WORK TO BE COMPLETED
Return the records that follow, matching each one exactly.

########

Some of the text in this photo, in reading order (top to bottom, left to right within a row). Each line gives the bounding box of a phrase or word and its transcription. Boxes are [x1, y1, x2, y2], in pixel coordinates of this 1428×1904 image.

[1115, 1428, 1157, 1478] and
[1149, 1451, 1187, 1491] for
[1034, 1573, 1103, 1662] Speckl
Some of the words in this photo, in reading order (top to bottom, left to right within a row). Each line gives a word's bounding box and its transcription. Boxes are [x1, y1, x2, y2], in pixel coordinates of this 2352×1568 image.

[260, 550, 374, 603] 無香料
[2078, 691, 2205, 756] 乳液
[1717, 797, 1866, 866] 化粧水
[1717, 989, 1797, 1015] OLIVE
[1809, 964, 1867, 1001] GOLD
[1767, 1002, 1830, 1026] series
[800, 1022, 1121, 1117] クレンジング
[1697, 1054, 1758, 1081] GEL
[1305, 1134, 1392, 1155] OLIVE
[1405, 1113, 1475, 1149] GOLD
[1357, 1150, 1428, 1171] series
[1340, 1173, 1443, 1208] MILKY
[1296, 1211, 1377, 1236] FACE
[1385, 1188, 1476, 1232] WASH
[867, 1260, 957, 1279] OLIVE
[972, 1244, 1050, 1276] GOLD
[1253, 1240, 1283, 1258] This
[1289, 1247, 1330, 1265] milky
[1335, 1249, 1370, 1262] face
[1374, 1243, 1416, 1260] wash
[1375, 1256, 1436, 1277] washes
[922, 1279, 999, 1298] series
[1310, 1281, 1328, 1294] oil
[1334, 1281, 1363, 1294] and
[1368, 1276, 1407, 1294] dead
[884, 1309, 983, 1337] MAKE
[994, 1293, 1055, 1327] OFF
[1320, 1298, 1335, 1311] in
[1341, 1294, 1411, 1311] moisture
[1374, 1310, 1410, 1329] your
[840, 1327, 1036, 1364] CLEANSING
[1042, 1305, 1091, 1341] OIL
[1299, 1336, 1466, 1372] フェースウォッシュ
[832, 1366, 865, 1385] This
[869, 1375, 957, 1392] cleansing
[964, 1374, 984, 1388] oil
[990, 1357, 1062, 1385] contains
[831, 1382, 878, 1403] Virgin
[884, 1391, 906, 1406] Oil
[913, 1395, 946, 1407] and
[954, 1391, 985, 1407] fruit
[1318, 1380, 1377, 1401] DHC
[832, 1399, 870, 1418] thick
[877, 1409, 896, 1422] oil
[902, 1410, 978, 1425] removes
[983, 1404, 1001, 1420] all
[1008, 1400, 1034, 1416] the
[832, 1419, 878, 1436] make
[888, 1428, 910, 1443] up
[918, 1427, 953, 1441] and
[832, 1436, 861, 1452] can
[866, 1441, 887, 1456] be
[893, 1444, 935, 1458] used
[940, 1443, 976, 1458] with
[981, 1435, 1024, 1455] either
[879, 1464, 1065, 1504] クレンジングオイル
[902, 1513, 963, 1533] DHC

########

FINAL ANSWER
Some of the text in this photo, in reading order (top to bottom, left to right within a row). Each line gives the bounding box of a phrase or word and its transcription. Boxes are [x1, y1, x2, y2], in pixel coordinates of this 1428×1904 image.

[1115, 1428, 1157, 1478] and
[1149, 1451, 1187, 1491] for
[1034, 1573, 1103, 1662] Speckl
Some of the words in this photo, in reading order (top to bottom, left to right within a row). Each line gives a word's bounding box and its transcription. Boxes are [x1, y1, x2, y2], in pixel coordinates of this 2352×1568 image.

[260, 550, 374, 603] 無香料
[2078, 691, 2205, 756] 乳液
[1717, 797, 1866, 866] 化粧水
[1717, 989, 1797, 1015] OLIVE
[1809, 964, 1867, 1001] GOLD
[1767, 1002, 1830, 1026] series
[800, 1022, 1121, 1117] クレンジング
[1697, 1054, 1758, 1081] GEL
[1305, 1134, 1392, 1155] OLIVE
[1405, 1113, 1475, 1149] GOLD
[1357, 1150, 1428, 1171] series
[1340, 1173, 1443, 1208] MILKY
[1296, 1211, 1377, 1236] FACE
[1385, 1188, 1476, 1232] WASH
[867, 1260, 957, 1279] OLIVE
[972, 1244, 1050, 1276] GOLD
[1253, 1240, 1283, 1258] This
[1289, 1247, 1330, 1265] milky
[1335, 1249, 1370, 1262] face
[1374, 1243, 1416, 1260] wash
[1375, 1256, 1436, 1277] washes
[922, 1279, 999, 1298] series
[1310, 1281, 1328, 1294] oil
[1334, 1281, 1363, 1294] and
[1368, 1276, 1407, 1294] dead
[884, 1309, 983, 1337] MAKE
[994, 1293, 1055, 1327] OFF
[1320, 1298, 1335, 1311] in
[1341, 1294, 1411, 1311] moisture
[1374, 1310, 1410, 1329] your
[840, 1327, 1036, 1364] CLEANSING
[1042, 1305, 1091, 1341] OIL
[1299, 1336, 1466, 1372] フェースウォッシュ
[832, 1366, 865, 1385] This
[869, 1375, 957, 1392] cleansing
[964, 1374, 984, 1388] oil
[990, 1357, 1062, 1385] contains
[831, 1382, 878, 1403] Virgin
[884, 1391, 906, 1406] Oil
[913, 1395, 946, 1407] and
[954, 1391, 985, 1407] fruit
[1318, 1380, 1377, 1401] DHC
[832, 1399, 870, 1418] thick
[877, 1409, 896, 1422] oil
[902, 1410, 978, 1425] removes
[983, 1404, 1001, 1420] all
[1008, 1400, 1034, 1416] the
[832, 1419, 878, 1436] make
[888, 1428, 910, 1443] up
[918, 1427, 953, 1441] and
[832, 1436, 861, 1452] can
[866, 1441, 887, 1456] be
[893, 1444, 935, 1458] used
[940, 1443, 976, 1458] with
[981, 1435, 1024, 1455] either
[879, 1464, 1065, 1504] クレンジングオイル
[902, 1513, 963, 1533] DHC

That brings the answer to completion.